Mike Myers made the jump from "Saturday Night Live" to the big screen with two adaptations of his silly SNL skit Wayne's World, and he hit paydirt with his James Bond parody character Austin Powers in a wildly popular and ridiculously quotable film series.

Some fans know him from his "SNL" days, and will forever associate him with Simon and his "drawings." Others only recognize his trademark "Wayne's World" party-time look. Die-hard fans know and love his odd early rom-com, "So I Married an Axe Murderer." Generations know him as the green ogre Shrek, star of multiple movies and a series of spinoffs. (Not to mention the inspiration for "Shrek raves.")

But one day, as if Myers himself had received the "happily ever after" promised to his ogre incarnation, he seemed to drop off the face of the Earth ... or at least the face of Hollywood. What happened to turn an unstoppable comedy juggernaut — and one of Canada's favorite sons — into a virtual recluse? And what projects finally drew him back out into the spotlight? Don't worry — we've got the answers you're looking for. Read on to discover what happened to Mike Myers.

Mike Myers' bizarre Sprockets story

Mike Myers' blazing hot career hit a cool patch in 2000 when he walked away from "Dieter," another "Saturday Night Live" sketch-inspired film that would have had him reprise the role of the quirky German host of the fictional show "Sprockets," who has an unhealthy affinity for monkeys. According to ABC News, "Dieter" was to be Myers' follow-up to "The Spy Who Shagged Me," the second "Austin Powers" film, but Myers bailed on the production, citing issues with the script. (Interesting side note: He co-wrote it.)

A series of lawsuits followed. Universal sued Myers for $5 million, and then the production company making the film, Imagine Entertainment, sued Myers for an additional $30 million. Myers countersued everyone, citing "violations to [his] right of privacy, abuse of process, and fraud on the part of Universal."

Eventually, they all got in a room, dropped their respective lawsuits, and agreed to work together on another project: The live-action adaptation of the Dr. Seuss classic "The Cat in the Hat." Unfortunately, their problems weren't over yet.
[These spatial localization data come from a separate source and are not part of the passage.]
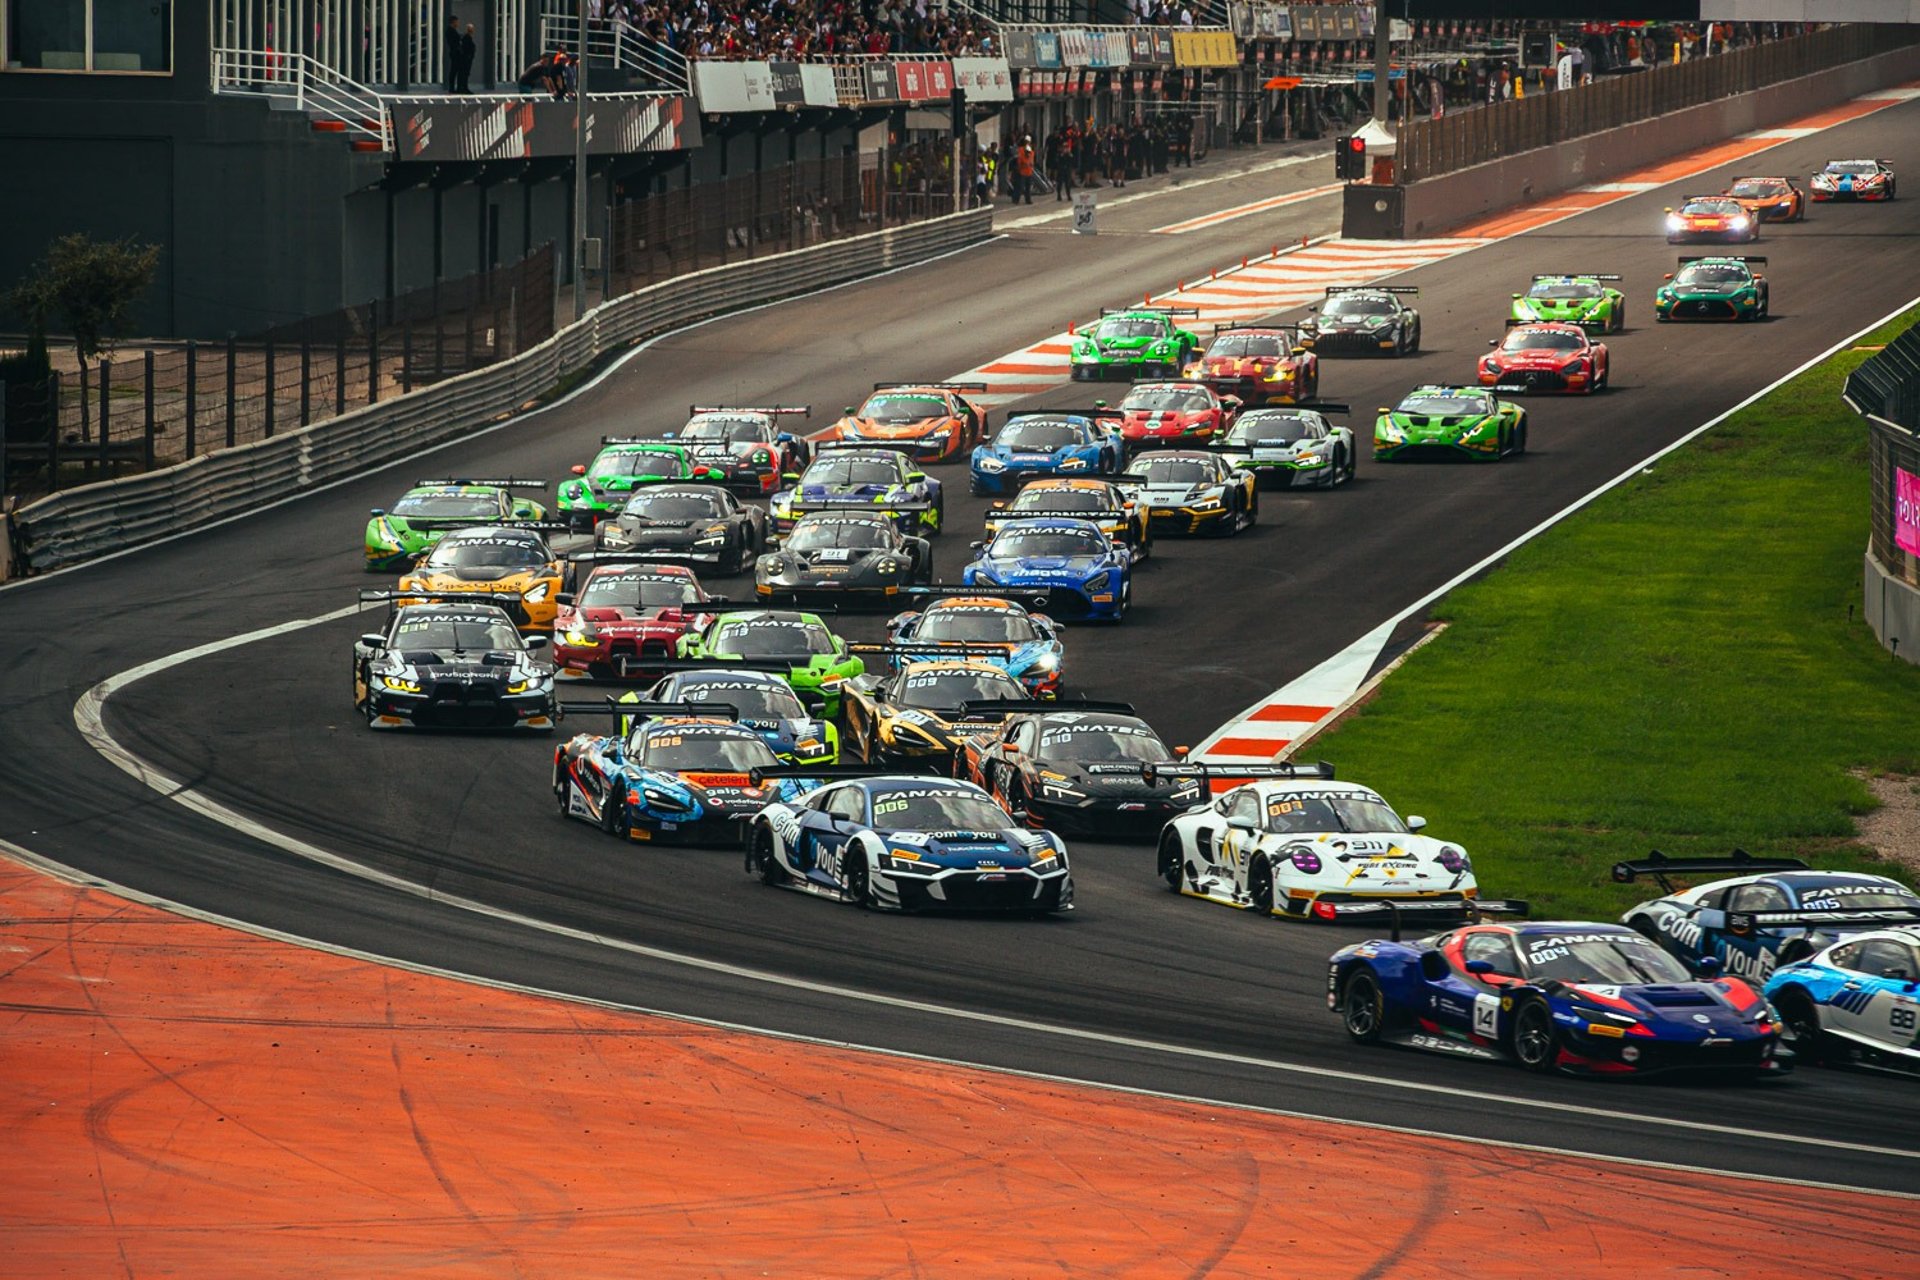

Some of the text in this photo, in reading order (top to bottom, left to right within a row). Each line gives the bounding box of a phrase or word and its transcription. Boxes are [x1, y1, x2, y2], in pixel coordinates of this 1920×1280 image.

[1009, 420, 1079, 430] FANATEC
[817, 456, 894, 464] FANATEC
[1133, 457, 1211, 465] FANATEC
[634, 492, 715, 501] FANATEC
[1021, 487, 1103, 496] FANATEC
[800, 517, 884, 528] FANATEC
[1004, 527, 1091, 538] FANATEC
[443, 537, 532, 549] FANATEC
[597, 575, 688, 585] FANATEC
[926, 606, 1021, 616] FANATEC
[405, 614, 503, 624] FANATEC
[723, 621, 821, 631] FANATEC
[907, 670, 1009, 681] FANATEC
[680, 682, 788, 694] FANATEC
[907, 677, 938, 688] 009
[648, 727, 755, 739] FANATEC
[1043, 724, 1151, 737] FANATEC
[706, 788, 740, 796] galp
[876, 789, 989, 802] FANATEC
[1268, 791, 1382, 804] FANATEC
[874, 800, 909, 815] 006
[1352, 840, 1383, 850] 911
[815, 842, 835, 877] you
[1801, 886, 1915, 901] FANATEC
[1529, 934, 1651, 951] FANATEC
[1528, 945, 1570, 965] 004
[1722, 944, 1757, 979] you
[1476, 1006, 1495, 1029] 14
[1890, 1007, 1916, 1030] 88
Mike Myers' bungled Cat in the Hat adaptation

Though its abysmal Rotten Tomatoes rating should indicate what a flop "The Cat in the Hat" was, the devil was in the details of Mike Myers' take on the seminal children's classic. Almost every review cited the filmmakers' bewildering choice to infuse the tale of the mischievous feline houseguest with a bunch of decidedly off-tone and crude humor. But the more particularly scathing criticisms fell directly at Myers' feet, like in The Dallas Observer's takedown, titled "Kitty Litter," which stated, "The producers may as well have skipped the hassle of securing licensing rights and simply called this mess 'Mike Myers: A**hole in Fur.'"

And as if being dragged by strangers who didn't even have an emotional attachment to the material wasn't enough, Dr. Seuss' wife, Audrey Stone Geisel, responded by subsequently forbidding live-action adaptations of her husband's work. But wait, there's more! On top of churning out a universally panned performance, Myers also allegedly acted like a complete jerk on the set.
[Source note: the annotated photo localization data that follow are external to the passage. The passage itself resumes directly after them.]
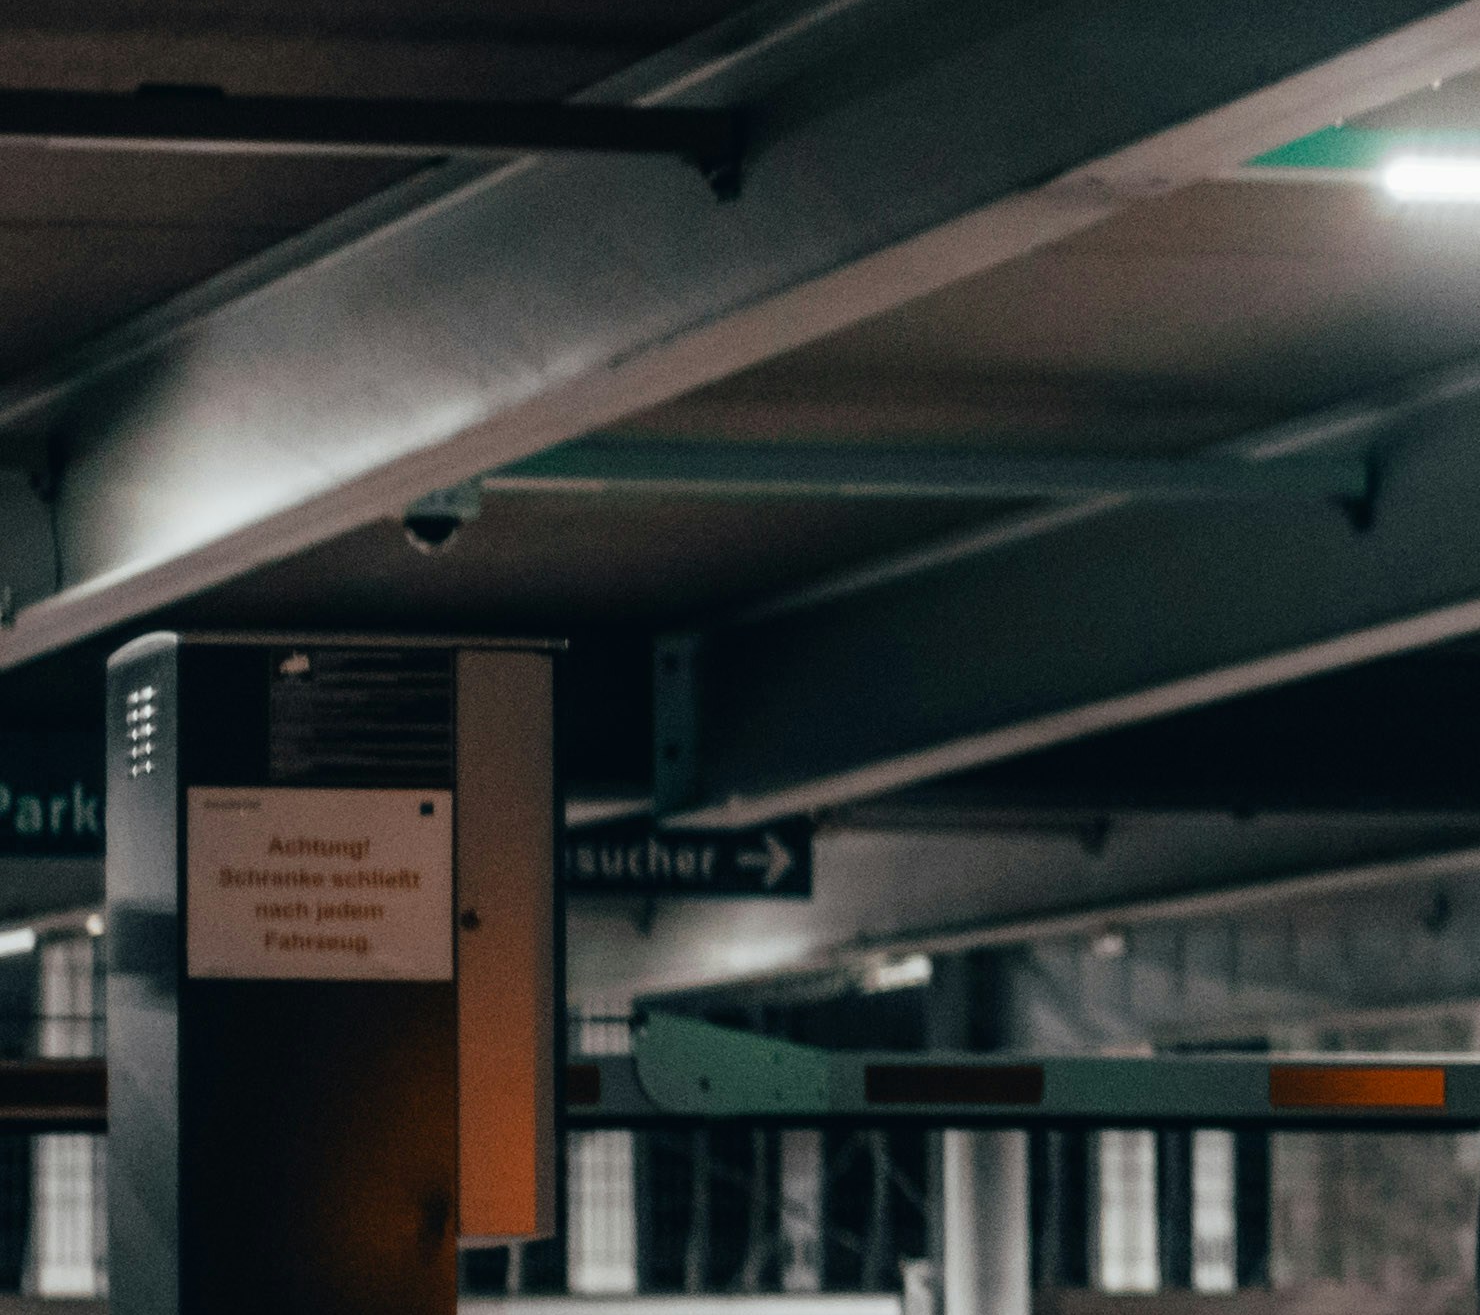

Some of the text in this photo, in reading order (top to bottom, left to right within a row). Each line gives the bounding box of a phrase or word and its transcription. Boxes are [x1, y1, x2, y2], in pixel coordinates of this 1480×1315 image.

[565, 836, 716, 878] sucher
[255, 902, 385, 925] nach jedem
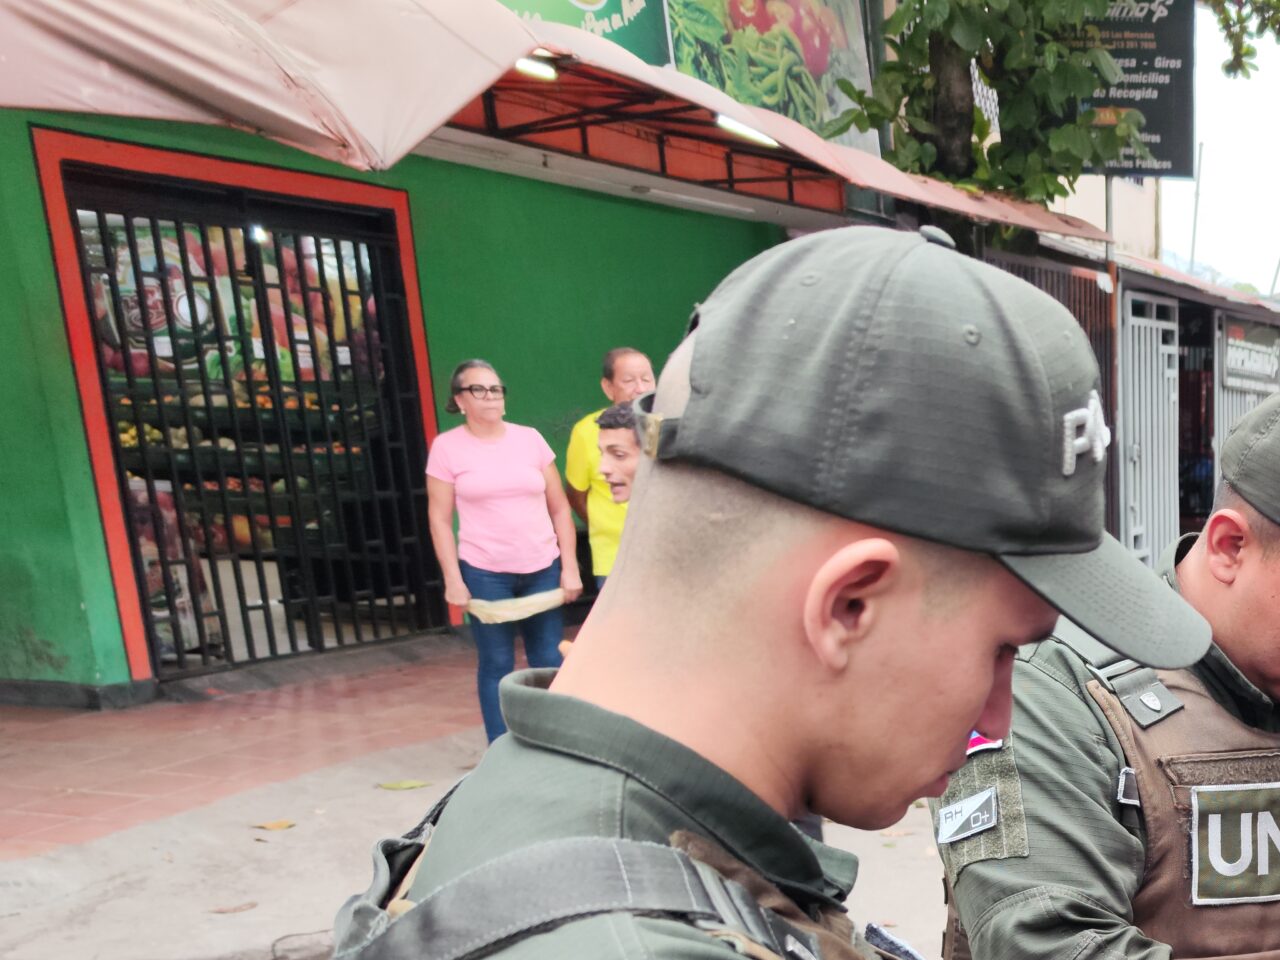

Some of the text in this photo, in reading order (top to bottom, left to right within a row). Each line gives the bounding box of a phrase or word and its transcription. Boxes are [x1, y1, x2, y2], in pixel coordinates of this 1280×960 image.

[1154, 56, 1182, 69] Giros
[1109, 87, 1158, 100] Recogida
[944, 808, 963, 823] RH
Mike Myers: Darkness behind the laughter

In an interview with The A.V. Club, Mike Myers' "The Cat in the Hat" co-star Amy Hill painted an unflattering portrait of the film's lead, right down to the claim that he had a sycophant trailing behind him all day whose entire job seemed to be feeding Myers chocolates from a Tupperware container. That's the clear highlight from her on-set anecdotes, but she also characterized Myers as a "diva" who constantly made the cast and crew wait while he micromanaged the entire production. And Hill isn't the only former collaborator to rake Myers over the coals.

In a 2008 EW profile of Myers, "Wayne's World" director Penelope Spheeris got her own digs in, describing him as "emotionally needy" and saying he "got more difficult as the shoot went along." Spheeris even echoed Hill's experience when she recalled having to enlist her daughter to perform the duties of snack wrangler for Myers. But perhaps her most telling line from the interview was her remark, "Maybe he could open, like, a children's hospital to clean up his rep. He's got to do something pretty quick." EW generously described the quip as a "dark joke," but was it?

Yet another scorned cohort, Rob Fried, who produced "So I Married an Axe Murderer," put things in even starker terms, telling The Telegraph, "I think Mike's a visionary, but his way of getting what he wants is to be remote and threaten and express anger." All in all, It's a pretty damning list of burned professional bridges, which likely hasn't gone unnoticed by studios and future collaborators.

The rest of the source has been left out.